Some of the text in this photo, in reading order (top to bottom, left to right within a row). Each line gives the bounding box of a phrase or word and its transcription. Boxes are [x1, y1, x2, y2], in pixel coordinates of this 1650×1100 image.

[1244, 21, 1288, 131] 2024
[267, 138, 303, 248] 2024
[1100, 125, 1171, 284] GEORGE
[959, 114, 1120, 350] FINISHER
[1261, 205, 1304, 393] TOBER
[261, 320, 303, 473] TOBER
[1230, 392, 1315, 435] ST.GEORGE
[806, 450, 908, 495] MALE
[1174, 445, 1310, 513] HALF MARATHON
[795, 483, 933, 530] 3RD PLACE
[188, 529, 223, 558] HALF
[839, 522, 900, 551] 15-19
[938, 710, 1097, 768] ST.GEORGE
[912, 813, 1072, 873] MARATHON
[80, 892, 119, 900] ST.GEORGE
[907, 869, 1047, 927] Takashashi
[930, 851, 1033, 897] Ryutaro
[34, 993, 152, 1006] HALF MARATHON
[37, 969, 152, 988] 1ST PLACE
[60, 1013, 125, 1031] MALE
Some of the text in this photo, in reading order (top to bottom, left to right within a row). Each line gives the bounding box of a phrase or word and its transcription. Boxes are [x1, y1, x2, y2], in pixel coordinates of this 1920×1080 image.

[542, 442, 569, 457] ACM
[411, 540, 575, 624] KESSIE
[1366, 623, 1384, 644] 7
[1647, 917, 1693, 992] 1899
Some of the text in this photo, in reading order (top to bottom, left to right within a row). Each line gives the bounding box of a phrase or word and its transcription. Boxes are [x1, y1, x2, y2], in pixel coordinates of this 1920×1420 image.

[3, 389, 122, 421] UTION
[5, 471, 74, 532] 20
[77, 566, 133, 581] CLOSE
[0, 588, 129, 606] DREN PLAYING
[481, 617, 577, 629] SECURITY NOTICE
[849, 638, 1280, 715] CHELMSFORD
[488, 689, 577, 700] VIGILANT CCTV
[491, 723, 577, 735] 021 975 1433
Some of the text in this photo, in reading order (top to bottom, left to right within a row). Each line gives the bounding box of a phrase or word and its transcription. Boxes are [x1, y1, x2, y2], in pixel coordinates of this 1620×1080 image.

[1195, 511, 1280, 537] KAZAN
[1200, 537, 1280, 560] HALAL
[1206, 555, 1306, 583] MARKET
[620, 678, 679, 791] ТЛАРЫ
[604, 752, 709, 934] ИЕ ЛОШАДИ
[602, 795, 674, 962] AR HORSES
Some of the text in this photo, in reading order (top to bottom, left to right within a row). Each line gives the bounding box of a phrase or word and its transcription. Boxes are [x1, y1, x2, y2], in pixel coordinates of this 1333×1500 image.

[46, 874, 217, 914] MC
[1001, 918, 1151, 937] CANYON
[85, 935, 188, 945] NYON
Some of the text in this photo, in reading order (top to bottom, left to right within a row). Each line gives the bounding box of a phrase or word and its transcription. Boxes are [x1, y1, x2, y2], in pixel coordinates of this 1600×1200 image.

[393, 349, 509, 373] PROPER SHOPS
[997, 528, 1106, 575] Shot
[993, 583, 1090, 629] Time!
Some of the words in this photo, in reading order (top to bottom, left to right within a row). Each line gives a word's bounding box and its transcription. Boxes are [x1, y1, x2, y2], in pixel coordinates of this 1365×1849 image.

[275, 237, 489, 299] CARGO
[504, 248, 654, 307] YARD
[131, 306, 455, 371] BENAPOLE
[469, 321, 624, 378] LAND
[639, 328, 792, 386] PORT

### What is required
Transcribe every record exactly.

### Response to the task
Some of the text in this photo, in reading order (top to bottom, left to right within a row). Each line gives the bounding box of a phrase or word and its transcription. Boxes are [x1, y1, x2, y2], in pixel coordinates of this 1650×1100 image.

[1244, 21, 1288, 131] 2024
[267, 138, 303, 248] 2024
[1100, 125, 1171, 284] GEORGE
[959, 114, 1120, 350] FINISHER
[1261, 205, 1304, 393] TOBER
[261, 320, 303, 473] TOBER
[1230, 392, 1315, 435] ST.GEORGE
[806, 450, 908, 495] MALE
[1174, 445, 1310, 513] HALF MARATHON
[795, 483, 933, 530] 3RD PLACE
[188, 529, 223, 558] HALF
[839, 522, 900, 551] 15-19
[938, 710, 1097, 768] ST.GEORGE
[912, 813, 1072, 873] MARATHON
[80, 892, 119, 900] ST.GEORGE
[907, 869, 1047, 927] Takashashi
[930, 851, 1033, 897] Ryutaro
[34, 993, 152, 1006] HALF MARATHON
[37, 969, 152, 988] 1ST PLACE
[60, 1013, 125, 1031] MALE
Some of the text in this photo, in reading order (top to bottom, left to right within a row). Each line gives the bounding box of a phrase or word and its transcription. Boxes are [x1, y1, x2, y2], in pixel coordinates of this 1920×1080 image.

[542, 442, 569, 457] ACM
[411, 540, 575, 624] KESSIE
[1366, 623, 1384, 644] 7
[1647, 917, 1693, 992] 1899
Some of the text in this photo, in reading order (top to bottom, left to right within a row). Each line gives the bounding box of a phrase or word and its transcription. Boxes are [x1, y1, x2, y2], in pixel coordinates of this 1920×1420 image.

[3, 389, 122, 421] UTION
[5, 471, 74, 532] 20
[77, 566, 133, 581] CLOSE
[0, 588, 129, 606] DREN PLAYING
[481, 617, 577, 629] SECURITY NOTICE
[849, 638, 1280, 715] CHELMSFORD
[488, 689, 577, 700] VIGILANT CCTV
[491, 723, 577, 735] 021 975 1433
Some of the text in this photo, in reading order (top to bottom, left to right within a row). Each line gives the bounding box of a phrase or word and its transcription. Boxes are [x1, y1, x2, y2], in pixel coordinates of this 1620×1080 image.

[1195, 511, 1280, 537] KAZAN
[1200, 537, 1280, 560] HALAL
[1206, 555, 1306, 583] MARKET
[620, 678, 679, 791] ТЛАРЫ
[604, 752, 709, 934] ИЕ ЛОШАДИ
[602, 795, 674, 962] AR HORSES
Some of the text in this photo, in reading order (top to bottom, left to right within a row). Each line gives the bounding box of a phrase or word and its transcription. Boxes are [x1, y1, x2, y2], in pixel coordinates of this 1333×1500 image.

[46, 874, 217, 914] MC
[1001, 918, 1151, 937] CANYON
[85, 935, 188, 945] NYON
Some of the text in this photo, in reading order (top to bottom, left to right within a row). Each line gives the bounding box of a phrase or word and its transcription. Boxes are [x1, y1, x2, y2], in pixel coordinates of this 1600×1200 image.

[393, 349, 509, 373] PROPER SHOPS
[997, 528, 1106, 575] Shot
[993, 583, 1090, 629] Time!
Some of the words in this photo, in reading order (top to bottom, left to right within a row). Each line gives a word's bounding box and its transcription. Boxes are [x1, y1, x2, y2], in pixel coordinates of this 1365×1849 image.

[275, 237, 489, 299] CARGO
[504, 248, 654, 307] YARD
[131, 306, 455, 371] BENAPOLE
[469, 321, 624, 378] LAND
[639, 328, 792, 386] PORT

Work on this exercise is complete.